When I wake up in the morning at 7am I first go to the "train station" which turns out to be a big market - no trains or tickets, but loads of shoes and bags. Surprised, confused and a bit lost (still don't know if I'm in the right town) I walk out onto the pavement again. From there things happen too quickly again, I get picked up by a minivan who says he can take me across the border, he drives for one minute, drops me off to another van and I find myself in a minivan with five Mongolians in my age and an older Russian man. The Mongolians turn out to be students returning home from Beijing. Together we all cross the border without any big hassles and two of the Mongolians help me a sleeper ticket for the train to Ulaan-Baatar even though it's "sold out" - the brother of the girl works in this town and has some contacts obviously.

Another 7 hours to kill is ahead before the train leaves, so we end up playing ping-pong, snooker, 8-ball at a snooker table, juggle, play cards, eat and just talk a lot. Talking is the most fun and interesting part of course - especially because we have some troubles communicating. Only two of the Mongolians are confident enough about their English to actually talk to me in English, while the other ones do understand parts of what I say, but won't answer me directly. The Mongolians that speak English have very basic English. The Russian guy speaks Russian and Mongolian, but also German. So he end up interpreting some of their Mongolian to German for me, which I don't speak but understand enough to make sense of what they are saying. The Mongolians all study Italian also, so we do a fair bit of talking in Italian/Spanish which we all understand and speak a very little bit of. Since they study in China they also now some Chinese, so we do some of the conversation in Chinese. The conversations thus end up being a lovely mix of English, Mongolian, Russian, German, Italian, Spanish, Chinese and some Swedish which they seem eager to learn some words in. The interesting thing is that it really worked out well!

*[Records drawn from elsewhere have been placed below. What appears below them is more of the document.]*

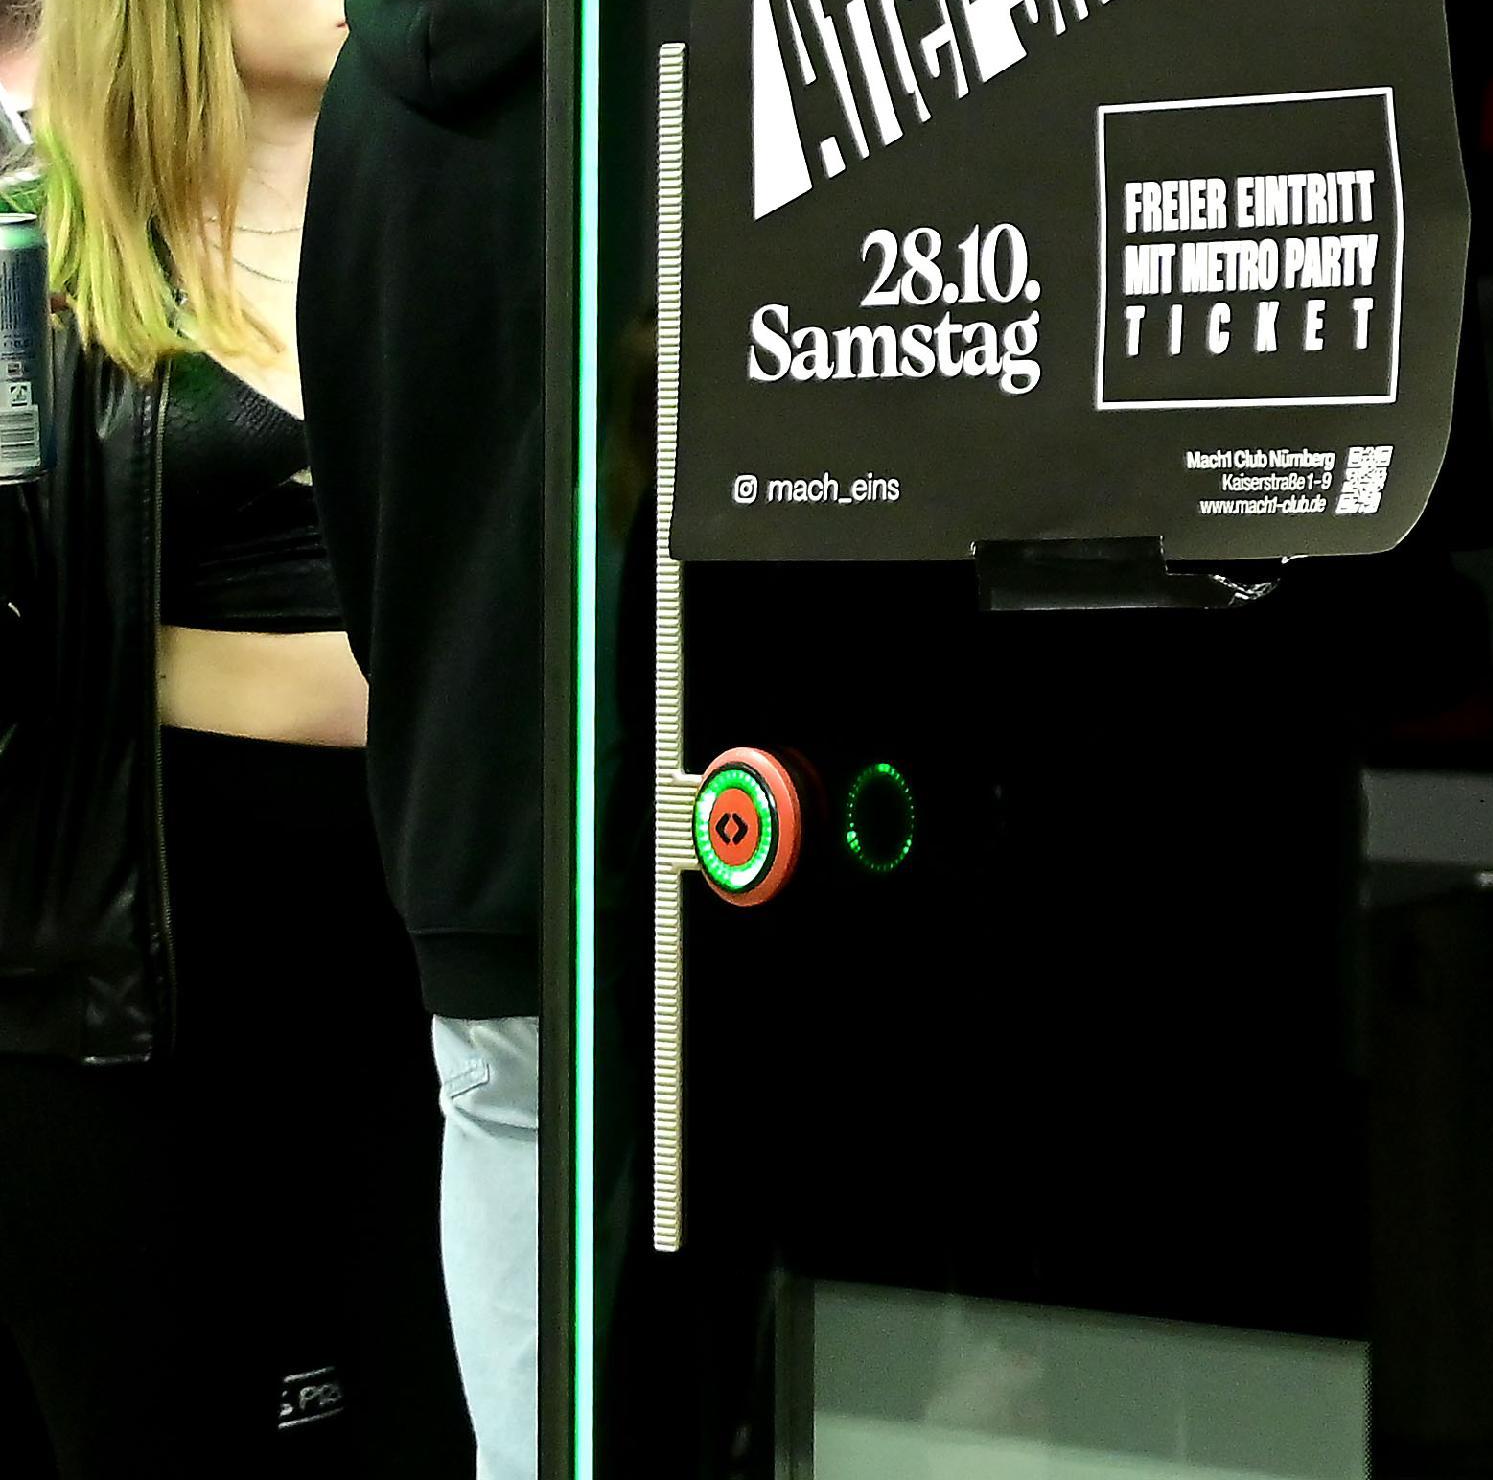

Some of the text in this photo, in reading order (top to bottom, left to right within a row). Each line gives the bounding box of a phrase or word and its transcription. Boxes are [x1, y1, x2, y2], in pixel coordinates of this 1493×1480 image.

[1125, 170, 1375, 233] FREIER EINTRITT
[860, 223, 1041, 306] 28.10.
[1124, 234, 1379, 295] MIT METRO PARTY
[749, 303, 1041, 395] Samstag
[1125, 297, 1374, 356] TICKET
[768, 472, 900, 503] mach_eins
[1186, 448, 1336, 471] Mach1 Club Nürnberg
[1222, 472, 1306, 491] Kaiserstraße

The Mongolian border town is really a desert town - all flat and sand everywhere (outside town, on the road, in between all the buildings, inside the buildings, in the wind when it blows, inside my cloths and so on..). After boarding the train it takes me straight through the sandy parts of the Gobi (which is actually only about 3% of the desert, the rest is stones, dry grass and steppes and the like). Of course I take photos through the window, but they are not even close to capturing the vastness of the sand dunes that just disappear far behind the horizon.

After traveling through the Gobi for 16 hours, most of the part being just sand, rocks and sometimes dry grass, I get a good feeling for how huge the desert is. We've now come into areas where there are some hills and the ground is occasionally partially snow-covered or frosty. The only signs of life I see throughout the whole trip through the Gobi is the occasional train station (every third hour or so and these are a sight in themselves - a train station in the middle of nothing and not a single person or building as far as the eye can see in all directions, and still people get off here...) and some hoards of wild horses, some groups of domesticated horses with their shepherd and some yaks.

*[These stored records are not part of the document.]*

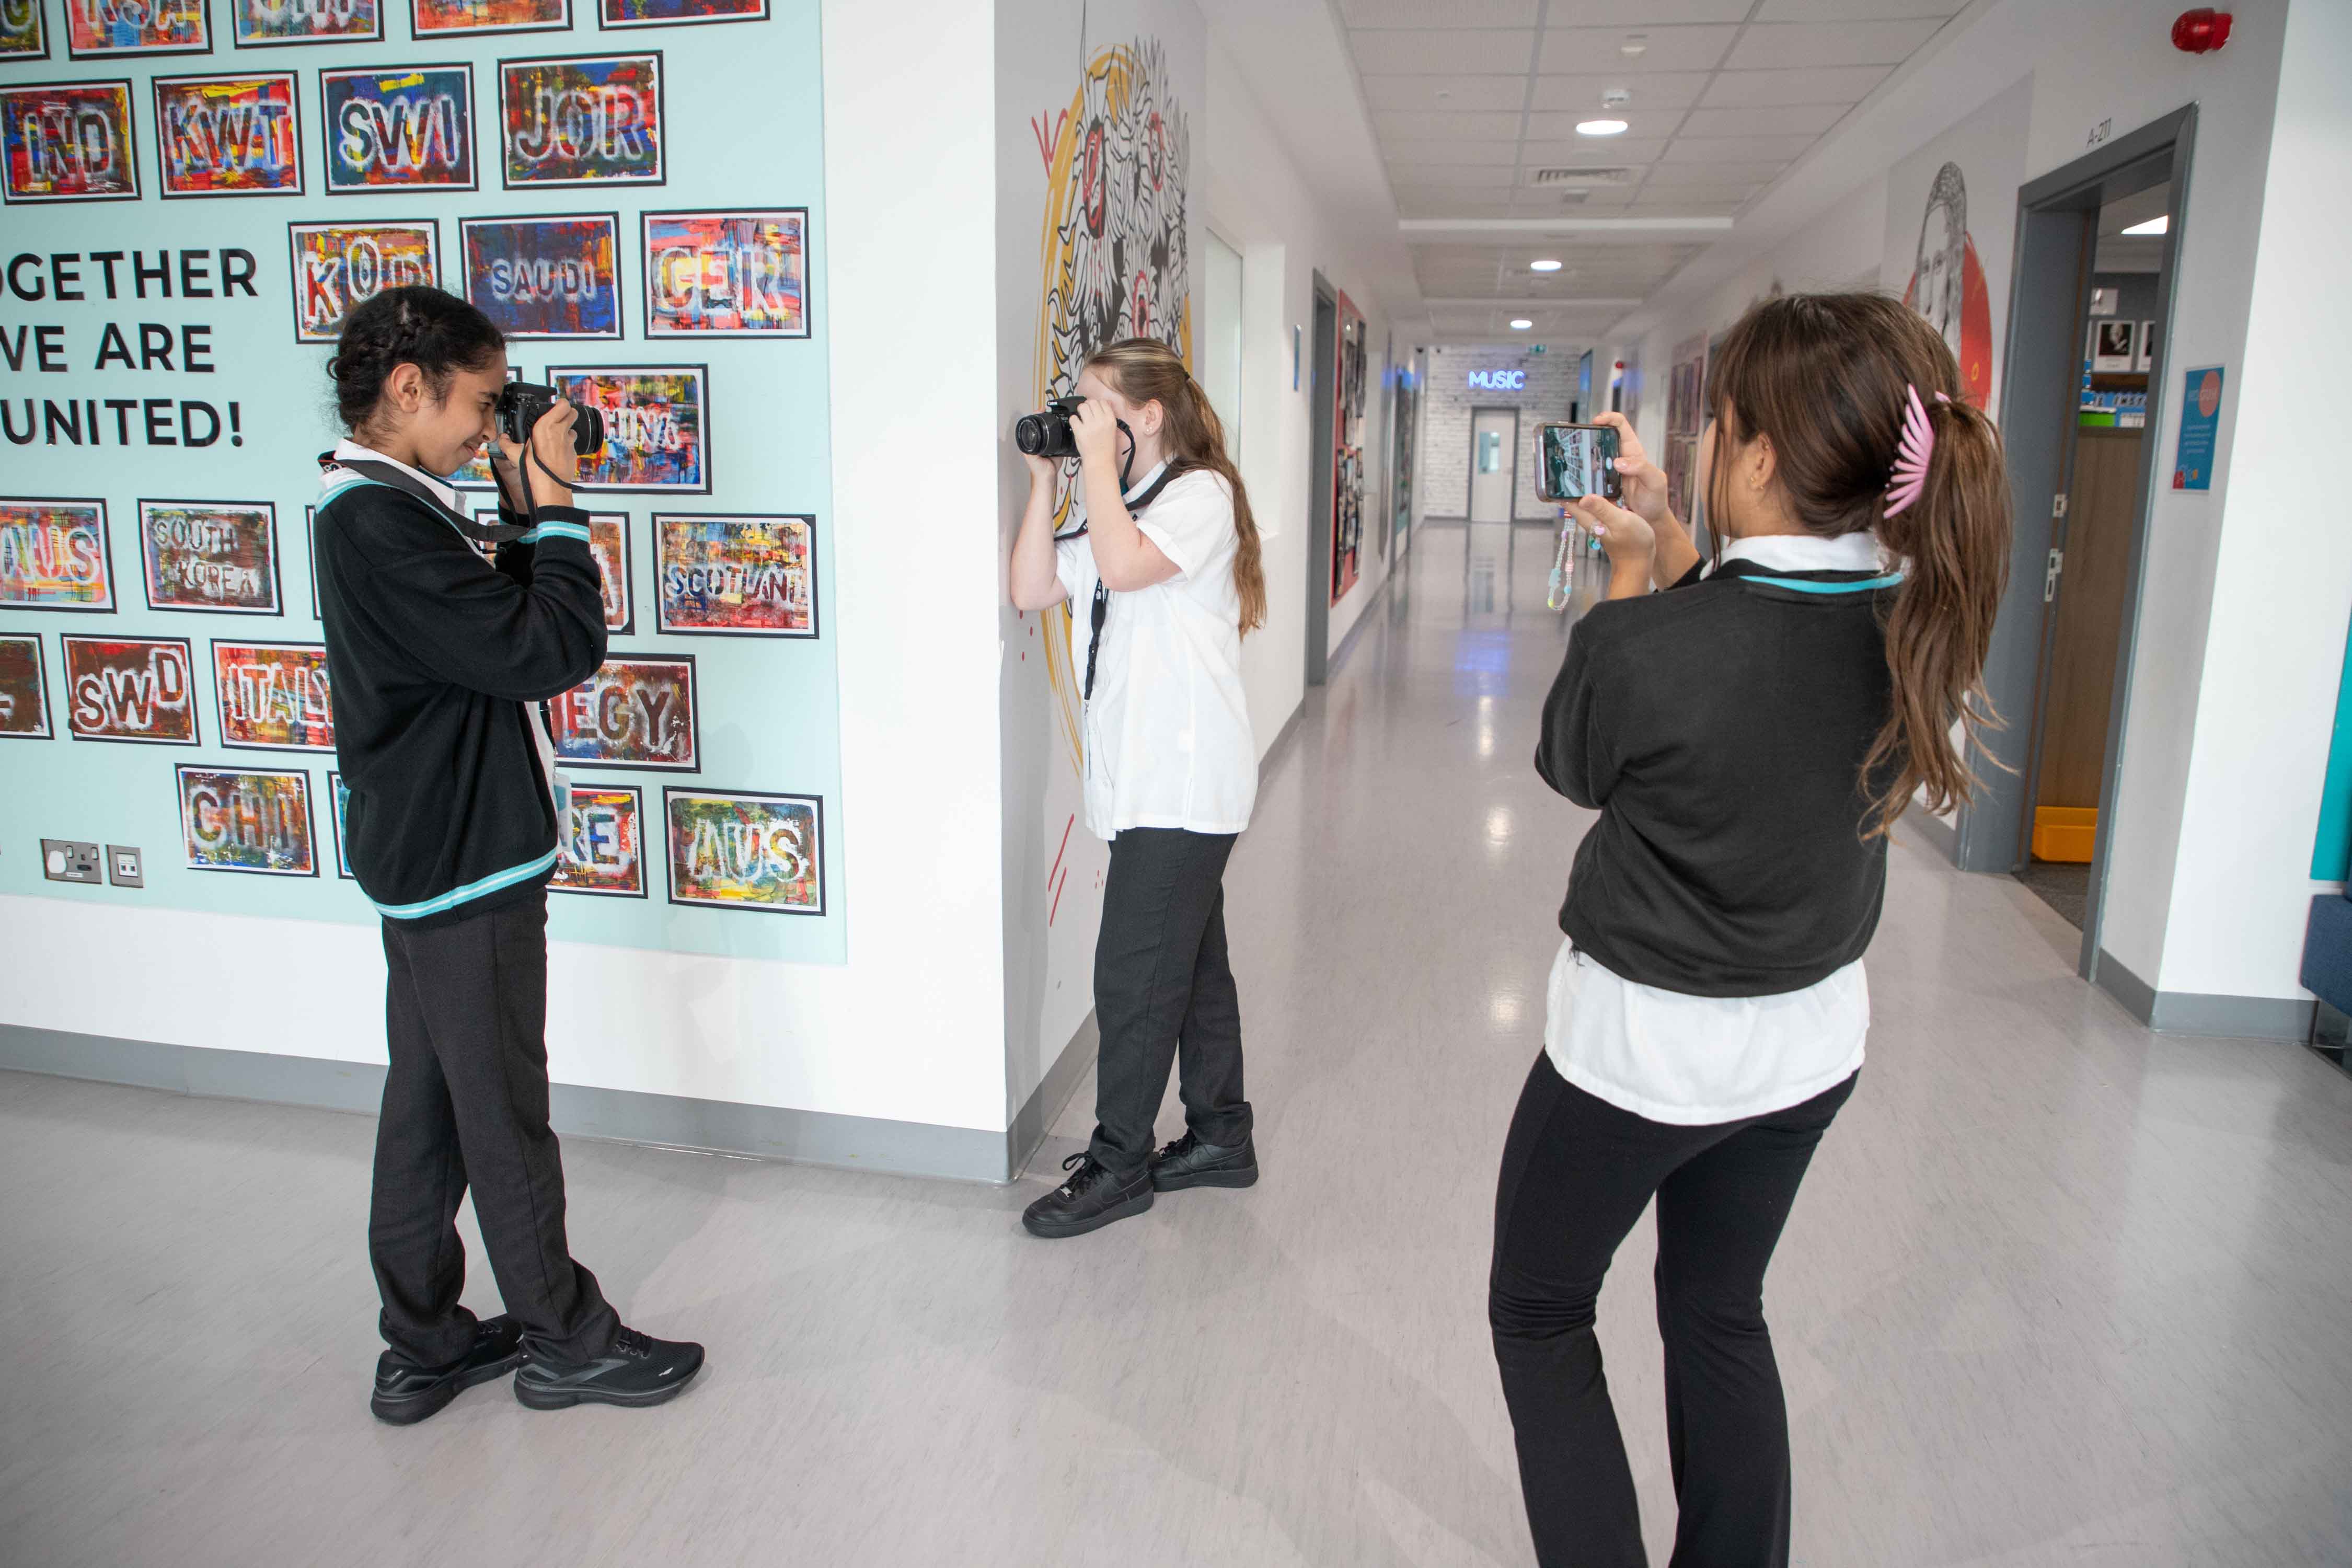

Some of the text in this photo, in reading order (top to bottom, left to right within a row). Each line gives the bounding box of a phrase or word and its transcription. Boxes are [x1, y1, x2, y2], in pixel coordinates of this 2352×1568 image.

[166, 99, 292, 172] KWT
[339, 96, 460, 170] SWI
[515, 85, 644, 160] JOR
[0, 248, 259, 301] GETHER
[492, 258, 597, 303] SAUDI
[659, 245, 786, 317] GER
[94, 322, 216, 373] ARE
[1469, 370, 1525, 389] MUSIC
[1, 398, 244, 447] UNITED!
[601, 407, 679, 451] HINA
[154, 519, 239, 554] SOUTH
[175, 558, 257, 600] KOREA
[75, 648, 188, 732] SWD
[561, 678, 672, 753] EGY
[687, 815, 808, 882] AUS

Now I've found my guesthouse in Ulaan-Baatar - a ger (which is the type of tents the nomads use in the desert) set on the top of a building in the outskirts of UB and overlooking the market and the town. I've seen some sights in UB and met a Mongolian girl in a temple who had a day off from work and showed me the town. Now I'm heading out for dinner and perhaps some pool later. Tomorrow I'm looking at a full day at fighting for getting a Russian visa - they are really messy about this. Travel plans, all tickets, visa for next country, health insurance details and payment in US$ just to get a transit-visa. Wish me good luck!